PHE ONWJ Pengenalan 49 Proyek Pemberdayaan Warga Sepanjang 2024

JAKARTA – Sebanyak 49 acara pengembangan lalu pemberdayaan rakyat di dalam wilayah pesisir diinisiasi Pertamina Hulu Energi Offshore North West Java ( PHE ONWJ ) sepanjang 2024. Program-program yang dimaksud tersebar pada tujuh tempat seluas 8.300 kilometer, yakni Daerah Subang, Kota Karawang, Wilayah Indramayu, Kota Cirebon, Kepulauan Seribu, dan juga Jakarta.
Head of Communication, Relations & CID PHE ONWJ R Ery Ridwan mengungkapkan bahwa seluruh acara dirancang berlandaskan empat pilar utama: kesehatan, ekonomi, lingkungan, serta pendidikan.

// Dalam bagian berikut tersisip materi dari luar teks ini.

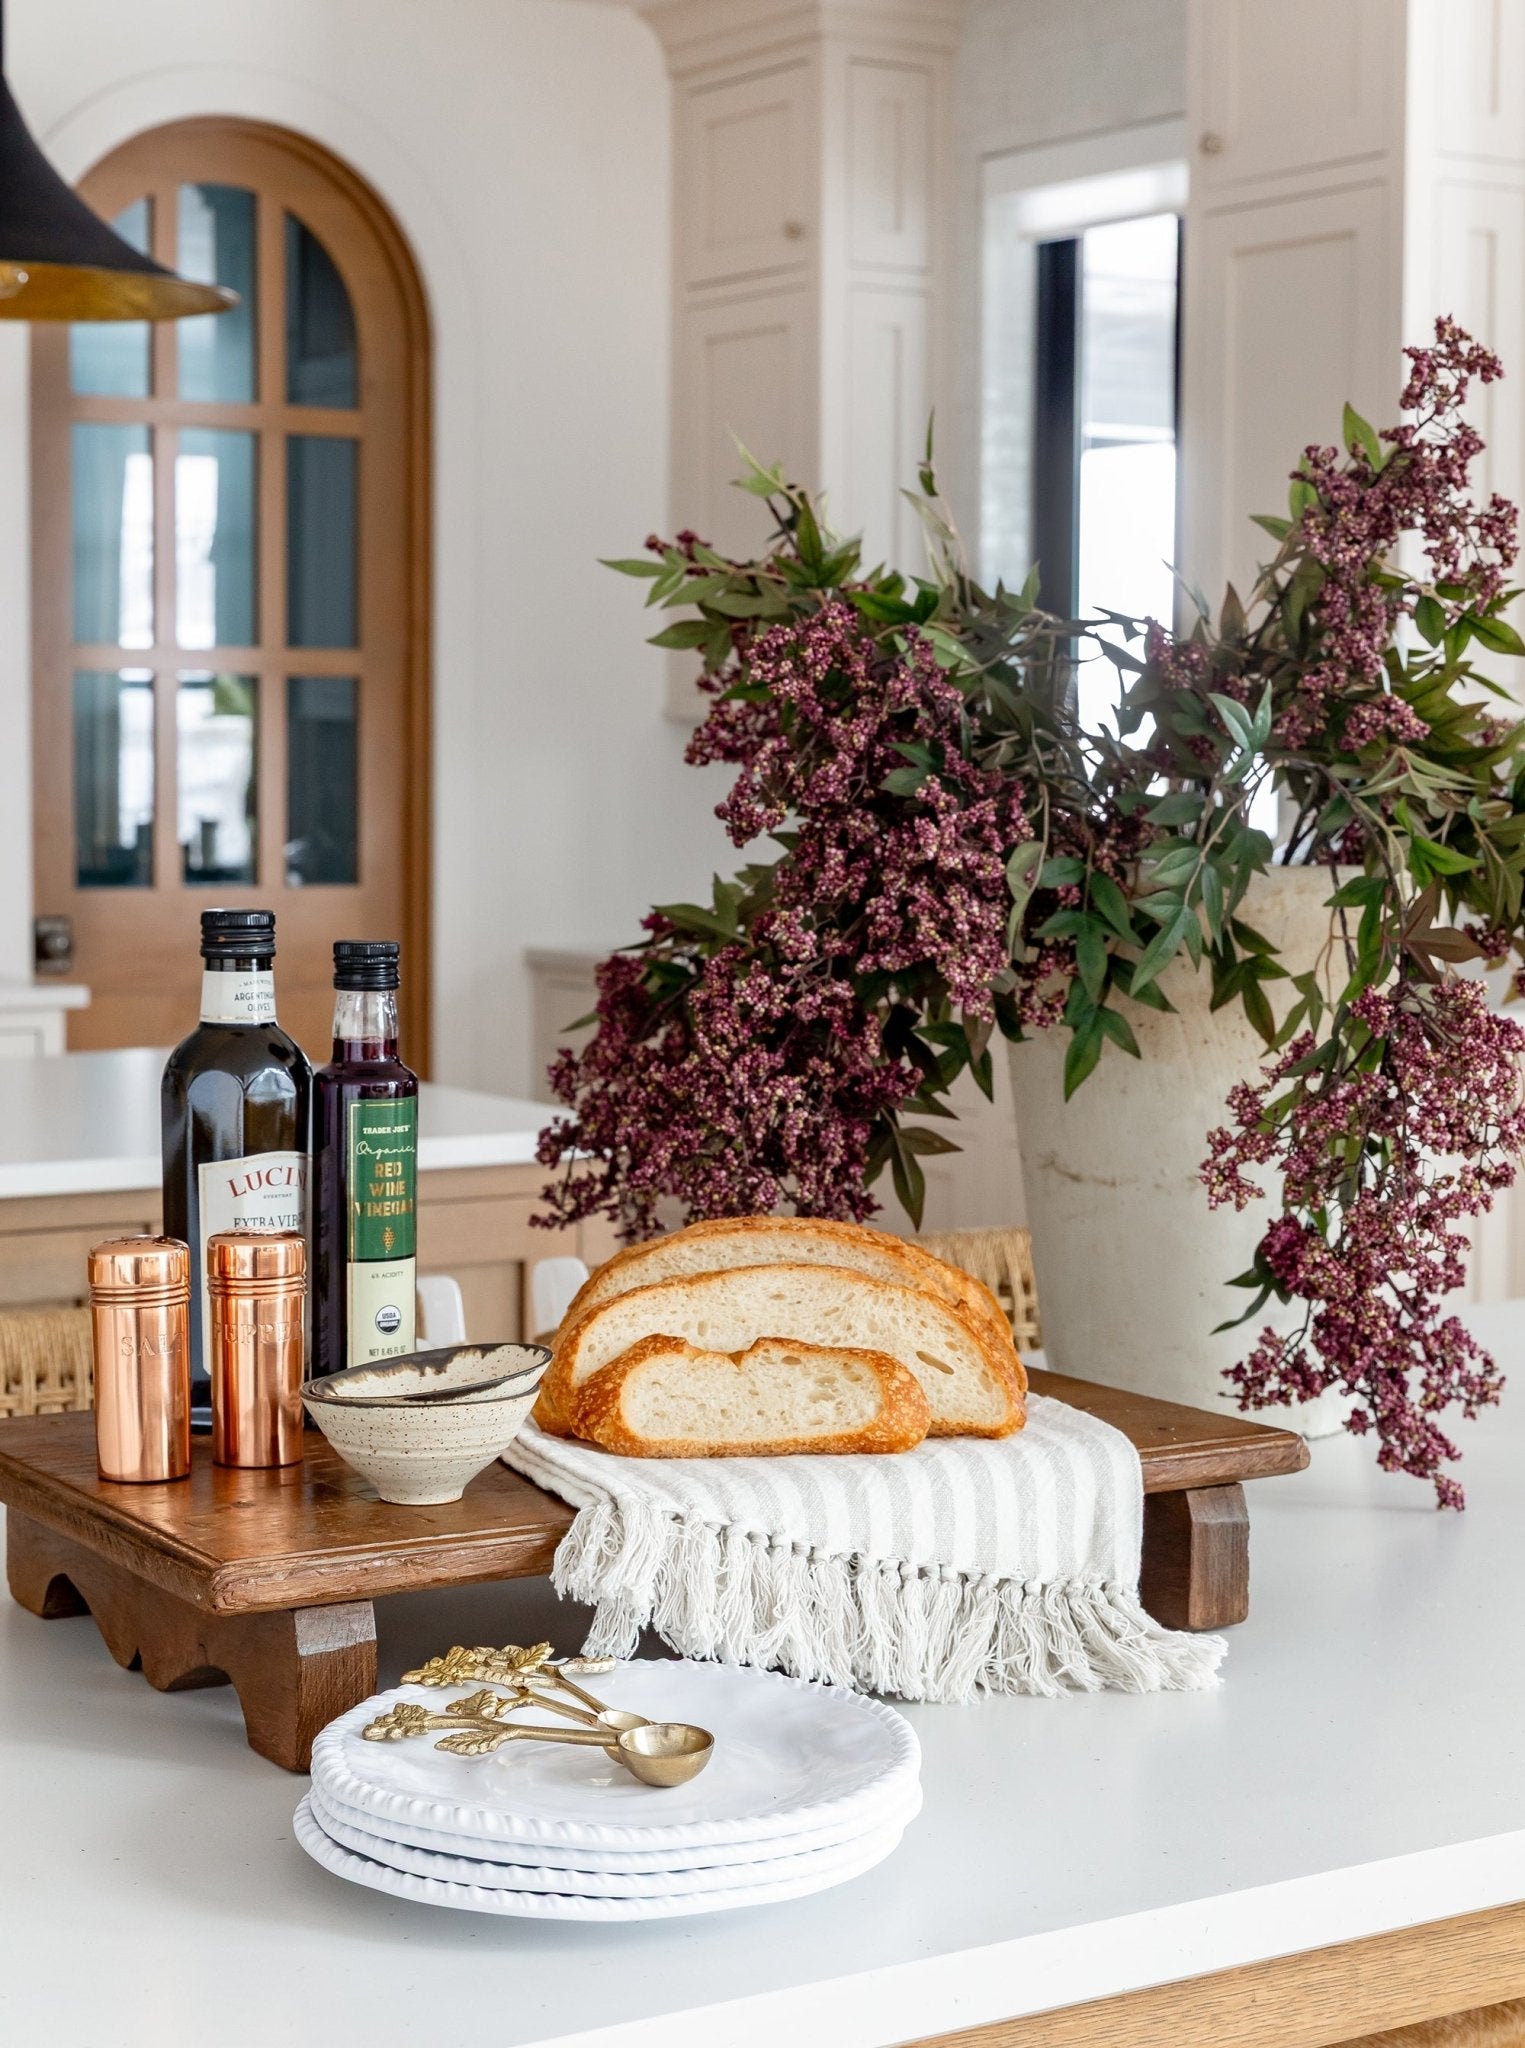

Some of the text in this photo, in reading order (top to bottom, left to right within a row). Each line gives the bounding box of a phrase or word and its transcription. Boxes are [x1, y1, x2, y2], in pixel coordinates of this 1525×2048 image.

“Kehadiran kami tak cuma memberikan partisipasi pada sektor energi, tetapi juga menciptakan dampak positif bagi rakyat di dalam sekitar wilayah operasi kami,” jelas Ery, diambil Selasa (24/12/2024).
Ke-49 acara yang disebutkan mencakup berbagai inisiatif, mulai dari pemanfaatan limbah cangkang rajungan, turut berkontribusi pada penanganan stunting, peningkatan akses kemudian kualitas pendidikan, mitigasi dan juga adaptasi inovasi iklim, hingga pembaharuan penanganan abrasi.
“Program-program ini dirancang agar selaras dengan tujuan-tujuan pengerjaan berkelanjutan, atau Sustainable Development Goals (SDGs),” tambahnya.
SDG merupakan rencana global yang mana bertujuan untuk mengakhiri kemiskinan, melindungi lingkungan, dan juga meyakinkan keberadaan yang sejahtera bagi semua orang pada 2030. Ada 17 tujuan utama yang digunakan tercakup di SDG’s, mulai dari kondisi tubuh dan juga kesejahteraan sekolah berkualitas, pekerjaan layak lalu perkembangan ekonomi, hingga aksi terhadap inovasi iklim.
“Program kebugaran kami berkontribusi pada pencapaian SDG 3 tentang kebugaran kemudian kesejahteraan. Sementara itu, inisiatif kegiatan ekonomi kami menyokong SDG 8 tentang pekerjaan layak juga perkembangan ekonomi. Kami berupaya menjawab keinginan penduduk sambil masih menjaga keseimbangan lingkungan. Hal ini adalah tanggung jawab kami sebagai perusahaan energi yang mana peduli terhadap keberlanjutan,” ungkap Ery.
PHE ONWJ tidaklah belaka menjalankan program-program ini secara mandiri, tetapi juga menjalin kemitraan dengan berbagai pihak, termasuk pemerintah daerah, pemerintah provinsi, lalu perguruan tinggi. “Kemitraan ini sangat penting untuk meyakinkan keberlanjutan dan juga keberhasilan program-program kami,” imbuh Ery.
Contohnya, PHE ONWJ mengesahkan komitmen sama-sama dengan Dinas Kehutanan Provinsi Jawa Barat, kemudian kemitraan di bentuk studi dengan Universitas Gadjah Mada, dan juga Universitas Padjadjaran.
PHE ONWJ berharap melalui program-program ini, warga dapat merasakan faedah nyata yang dimaksud berkelanjutan, baik dari sisi peningkatan kualitas hidup maupun pelestarian lingkungan. Dengan sinergi antara perusahaan, masyarakat, serta pemerintah daerah, tujuan penyelenggaraan berkelanjutan dapat tercapai secara optimal.